If the wound is deep and cannot be easily compressed (such as the torso or groin), the next step is wound packing. This involves tightly shoving gauze or clean fabric deep into the wound cavity until the cavity is full. After packing, maintain continuous, firm direct pressure over the packed material to maximize the compressive force against the bleeding vessels. Do not remove any material once it is placed, even if blood soaks through, as this can disrupt the forming clot; simply add more layers on top and continue pressure.

A tourniquet should be applied only if life-threatening bleeding originates from an arm or leg and cannot be controlled with direct pressure or wound packing. The device must be placed high on the injured limb, approximately two to four inches above the wound, but never directly over a joint. Tighten the tourniquet until the bleeding stops completely, which will likely be painful for the patient.

Once applied, the tourniquet must not be loosened or removed by first aid personnel, as this action can restart the hemorrhage. Note the exact time the tourniquet was applied, writing it directly on the device or the patient, as this information is needed by the medical team. Never attempt to remove any impaled objects, including a bullet or bullet fragments, as they may be providing a tamponade effect that controls the bleeding. Removal of such objects should only be performed by a surgeon in a controlled operating room environment.

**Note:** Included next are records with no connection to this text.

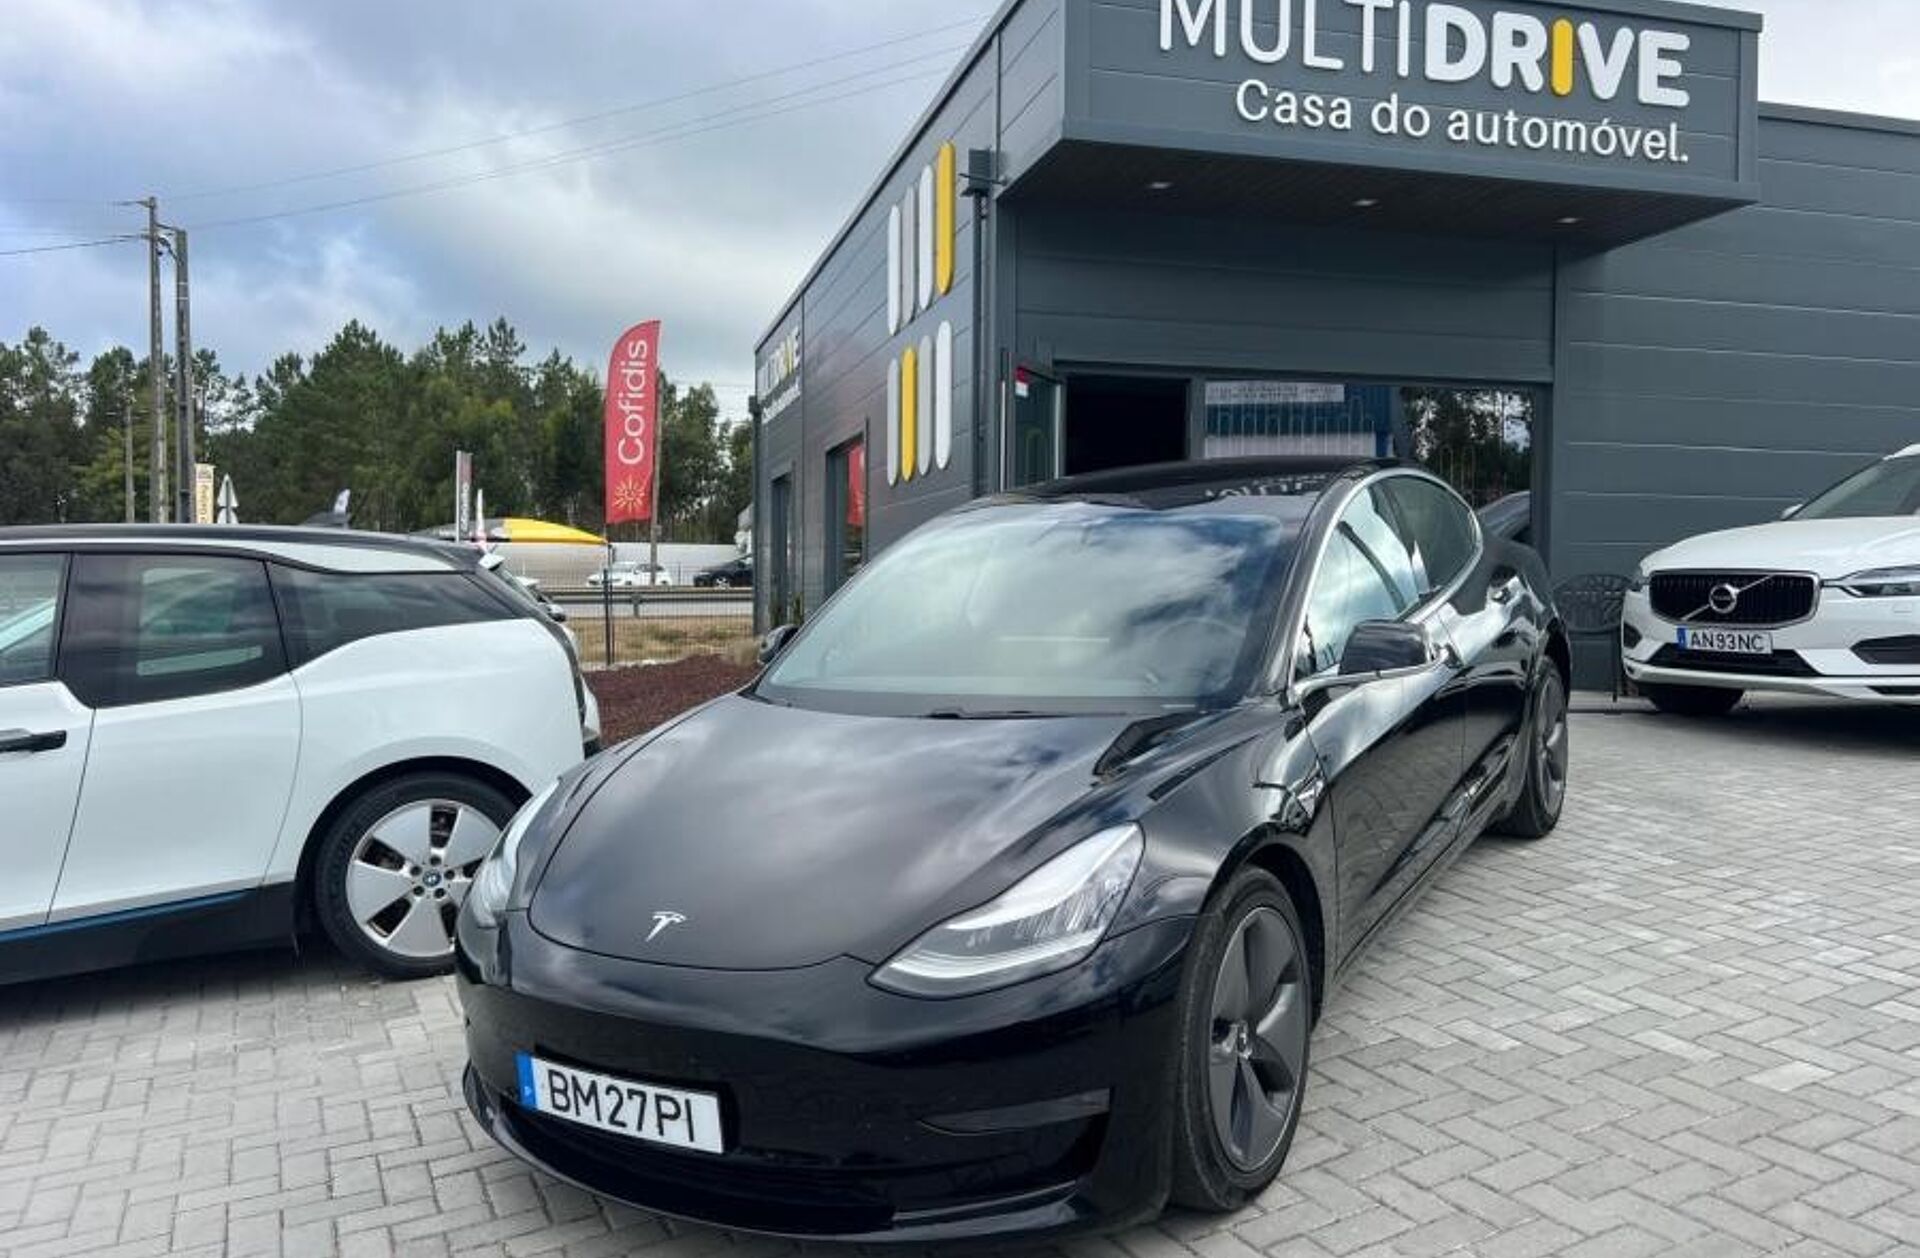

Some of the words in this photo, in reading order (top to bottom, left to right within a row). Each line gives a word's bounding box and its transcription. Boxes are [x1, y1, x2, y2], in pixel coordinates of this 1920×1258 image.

[1160, 0, 1691, 107] MULTIDRIVE
[1236, 79, 1352, 129] Casa
[1371, 93, 1432, 138] do
[1448, 107, 1690, 163] automóvel.
[618, 340, 647, 464] Cofidis
[1691, 630, 1764, 651] AN93NC
[548, 1069, 694, 1143] BM27PI

Recognizing and Managing Traumatic Shock

Traumatic shock, specifically hypovolemic shock, is a systemic response to massive blood loss and inadequate oxygen delivery to the body’s tissues. Signs of shock include a rapid heart rate, pale or cool and clammy skin, and an altered mental status (confusion, restlessness, or anxiety). These symptoms are the body’s attempt to compensate for reduced blood volume by shunting blood away from non-essential organs toward the brain and heart.

Immediate management involves keeping the patient warm by covering them with a blanket, coat, or whatever is available, as hypothermia can worsen shock and compromise clotting ability. The patient should be kept lying down to maximize blood flow to the brain. Avoid elevating the feet in trauma patients with suspected head, neck, or chest injuries, as this can increase bleeding or impair breathing.

Continuous monitoring of the patient’s responsiveness and breathing is necessary while waiting for EMS. If the patient becomes unresponsive, the rescuer should be prepared to open the airway and monitor breathing. The goal of this pre-hospital management is to stabilize the patient and prevent further deterioration until they can receive definitive care.

Subsequent Medical Procedures and Long-Term Care

Once the patient arrives at the trauma center, medical personnel begin a comprehensive assessment, often utilizing rapid imaging techniques like X-rays and computed tomography (CT) scans. These scans map the bullet’s trajectory and identify damaged organs or internal bleeding. The immediate focus is stabilization through blood transfusions and fluid resuscitation to combat hypovolemic shock and prepare the patient for surgery.

Surgical intervention is frequently required to perform damage control, which prioritizes stopping internal hemorrhage and controlling contamination before definitive repair. Surgeons debride the wound, removing devitalized tissue and foreign material necessary to prevent severe infection. Repair of damaged blood vessels, intestines, or other organs follows, sometimes requiring multiple staged operations.

Infection prevention is addressed immediately through the administration of broad-spectrum antibiotics and tetanus prophylaxis, as the wound tract carries debris and bacteria deep into the tissues. Long-term recovery is often complex, involving physical rehabilitation to address muscle and nerve damage and restore lost function. Patients with chest or abdomen injuries are more likely to require readmission for complications, highlighting that the effects of a bullet wound can last for years.